Every line of the listing is returned unchanged, and every picture is dropped.
── Data to process
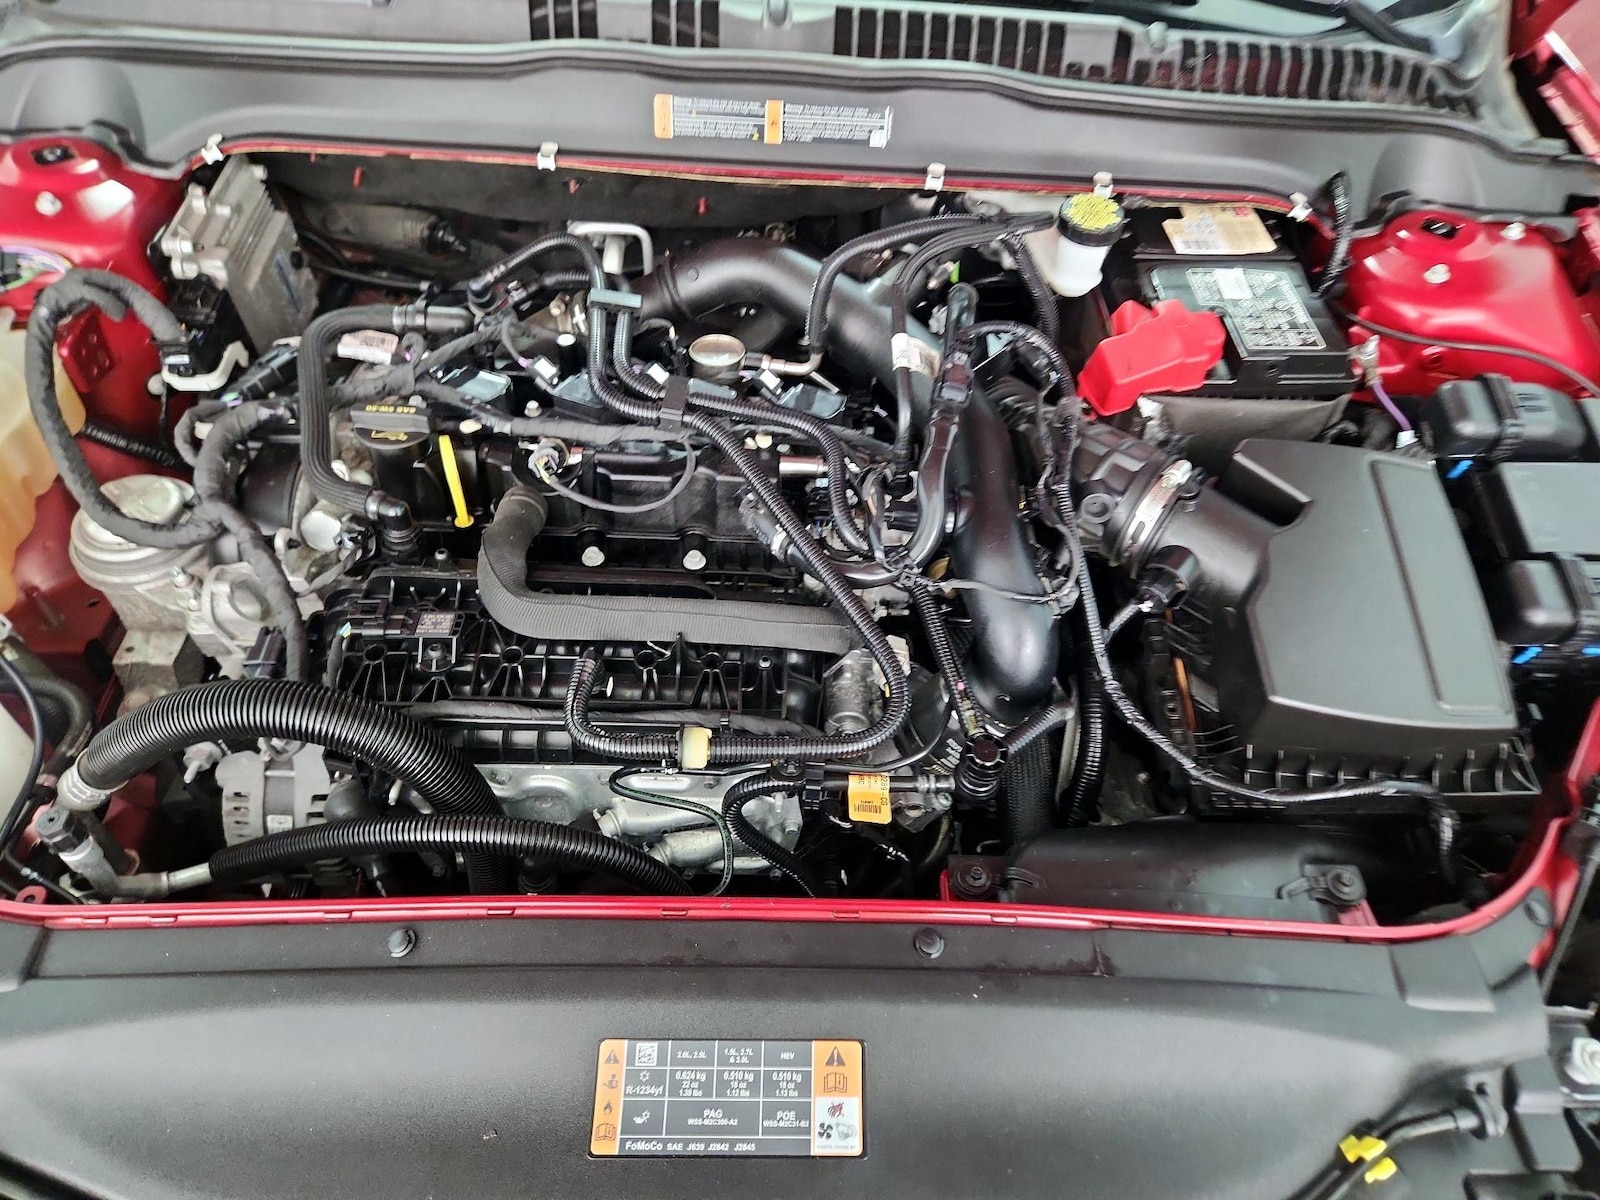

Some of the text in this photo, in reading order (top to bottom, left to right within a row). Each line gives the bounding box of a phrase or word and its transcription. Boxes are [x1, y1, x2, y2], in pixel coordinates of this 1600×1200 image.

[780, 1051, 795, 1060] HEV
[675, 1070, 706, 1082] 0.624 kg
[723, 1070, 754, 1083] 0.510 kg
[772, 1071, 802, 1083] 0.510 kg
[739, 1080, 746, 1089] oz
[787, 1081, 795, 1089] oz
[625, 1085, 664, 1096] R-1234yf
[692, 1089, 702, 1097] lbs
[726, 1088, 750, 1097] 1.12 lbs
[775, 1089, 799, 1097] 1.12 lbs
[703, 1108, 723, 1119] PAG
[776, 1110, 796, 1120] POE
[625, 1140, 663, 1151] FoMoCo
[666, 1142, 683, 1151] SAE
[686, 1142, 705, 1151] J639
[707, 1142, 729, 1151] J2842
────
* Answer to the exercise *
Some of the text in this photo, in reading order (top to bottom, left to right within a row). Each line gives the bounding box of a phrase or word and its transcription. Boxes are [x1, y1, x2, y2], in pixel coordinates of this 1600×1200 image.

[780, 1051, 795, 1060] HEV
[675, 1070, 706, 1082] 0.624 kg
[723, 1070, 754, 1083] 0.510 kg
[772, 1071, 802, 1083] 0.510 kg
[739, 1080, 746, 1089] oz
[787, 1081, 795, 1089] oz
[625, 1085, 664, 1096] R-1234yf
[692, 1089, 702, 1097] lbs
[726, 1088, 750, 1097] 1.12 lbs
[775, 1089, 799, 1097] 1.12 lbs
[703, 1108, 723, 1119] PAG
[776, 1110, 796, 1120] POE
[625, 1140, 663, 1151] FoMoCo
[666, 1142, 683, 1151] SAE
[686, 1142, 705, 1151] J639
[707, 1142, 729, 1151] J2842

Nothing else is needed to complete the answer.